Protein aggregation in live cells: N&B analysis of Huntingtin

Abstract

The aggregation of the huntingtin (Htt) protein is thought to be responsible for Huntington's disease. One problem is the detection of the different size of aggregates and the stages of aggregation directly in live cells. Recently we develop a method (N&B) to detect the size of aggregates and the number of particles in every pixel of a confocal image. N&B can be performed on the entire cells simultaneously so it is possible to follow the kinetics of aggregation. This method is based on the variance of intensity fluctuations of particles as they diffuse through the excitation volume. We performed experiments in transfected COS7 using different lengths of the polyglutamine sequence (Httex1 97QP-GFP, Httex1 46QP-GFP and Httex1 25QP-GFP). We can determine the presence of units, small aggregates and inclusion bodies in different parts of cell and their time evolution.. We observed the presence of Htt throughout the cell and that oligomer formation starts in the cytoplasm. At higher protein concentration aggregation occurs in the nucleus.
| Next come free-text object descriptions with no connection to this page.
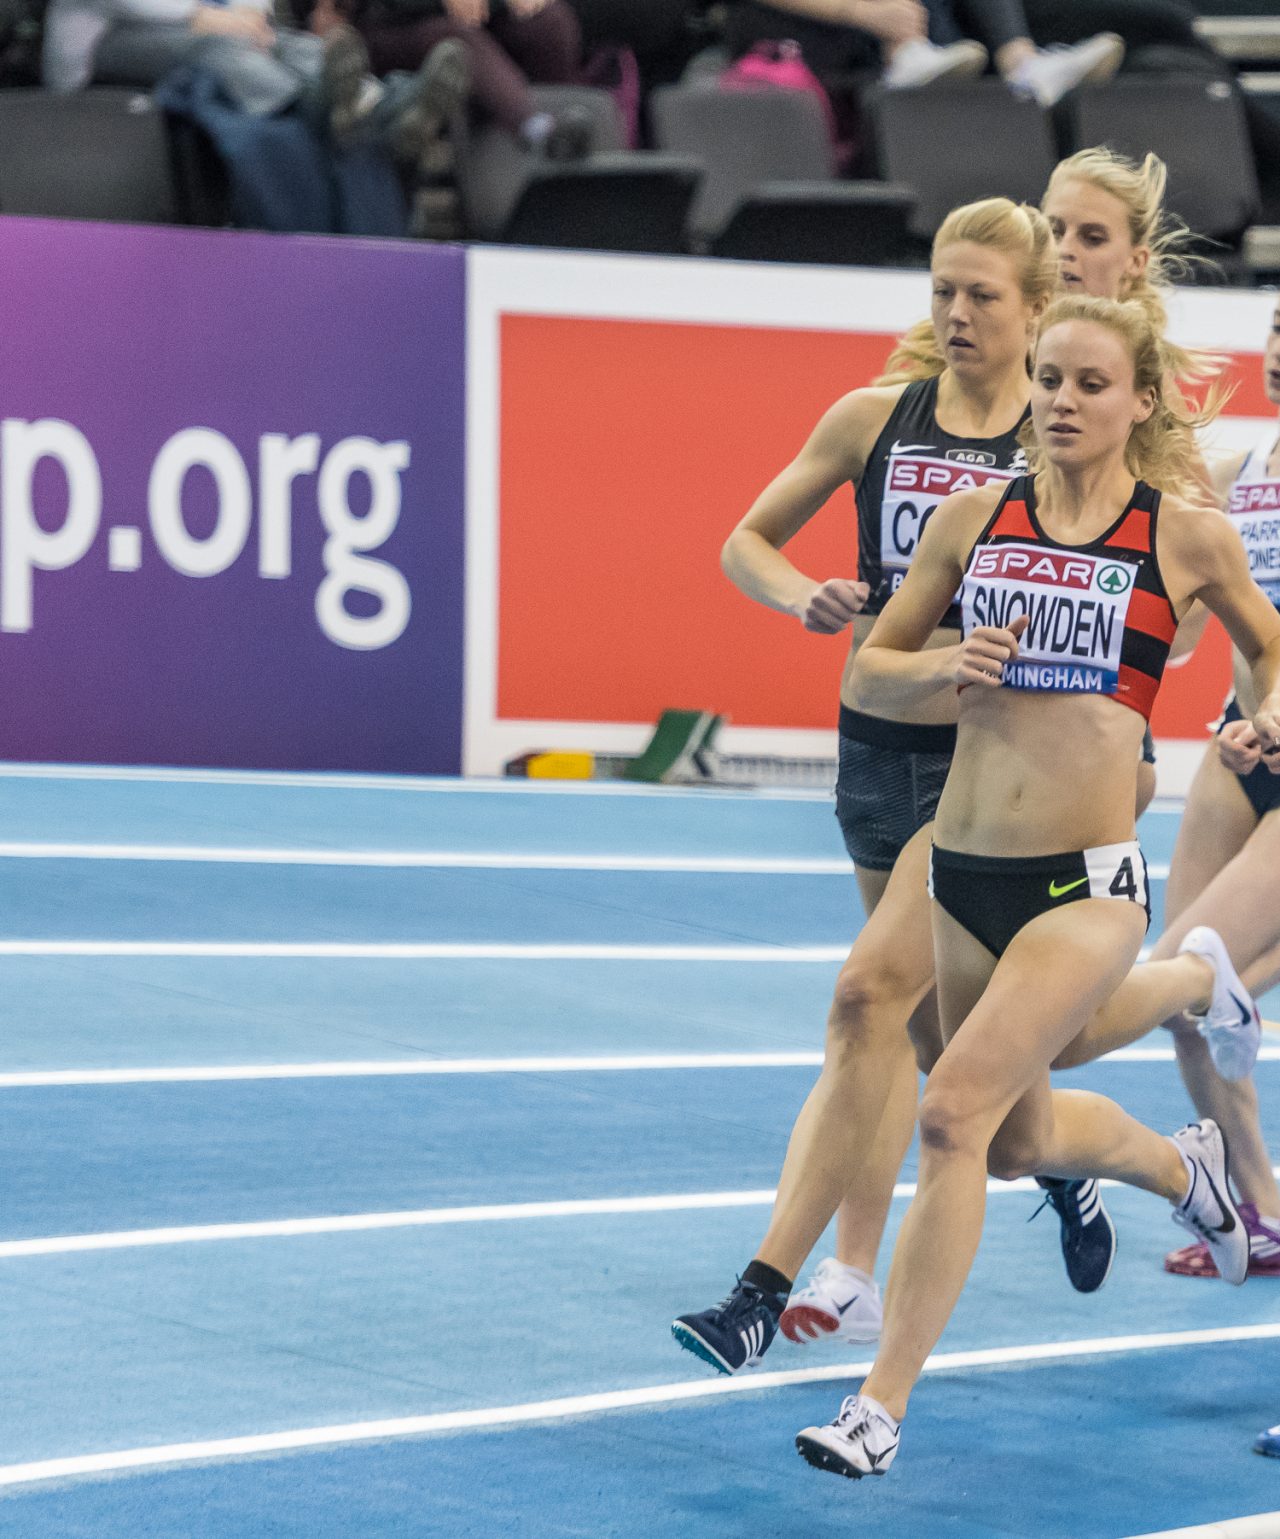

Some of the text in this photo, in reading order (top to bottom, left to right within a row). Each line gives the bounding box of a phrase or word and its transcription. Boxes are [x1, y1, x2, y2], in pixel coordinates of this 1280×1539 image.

[955, 452, 986, 464] AGA
[893, 464, 1010, 492] SPA
[0, 418, 412, 651] p.org
[975, 552, 1092, 585] SPAR
[973, 586, 1116, 659] SNOWDEN
[1001, 663, 1103, 690] MINGHAM
[1109, 856, 1138, 902] 4
When an inclusion body forms in the cytoplasm, all Htt including that in the nucleus, is recruited by the inclusion body. We found aggregates, which have a size of 5-10 protein units, diffusing in membrane tubules. We suggest that these aggregates my represent the precursors for protein nucleation events. We estimated that the inclusion body is formed by hundred of protein units. In different cell types the aggregation follows a similar dynamic. Our studies have shown the protein aggregation size distribution in live and how the nucleation events progress in real time. Support by U54 GM064346 CMC (MD, EG), NIH-P41-RRO3155 (EG), P50-GM076516 (EG,GO).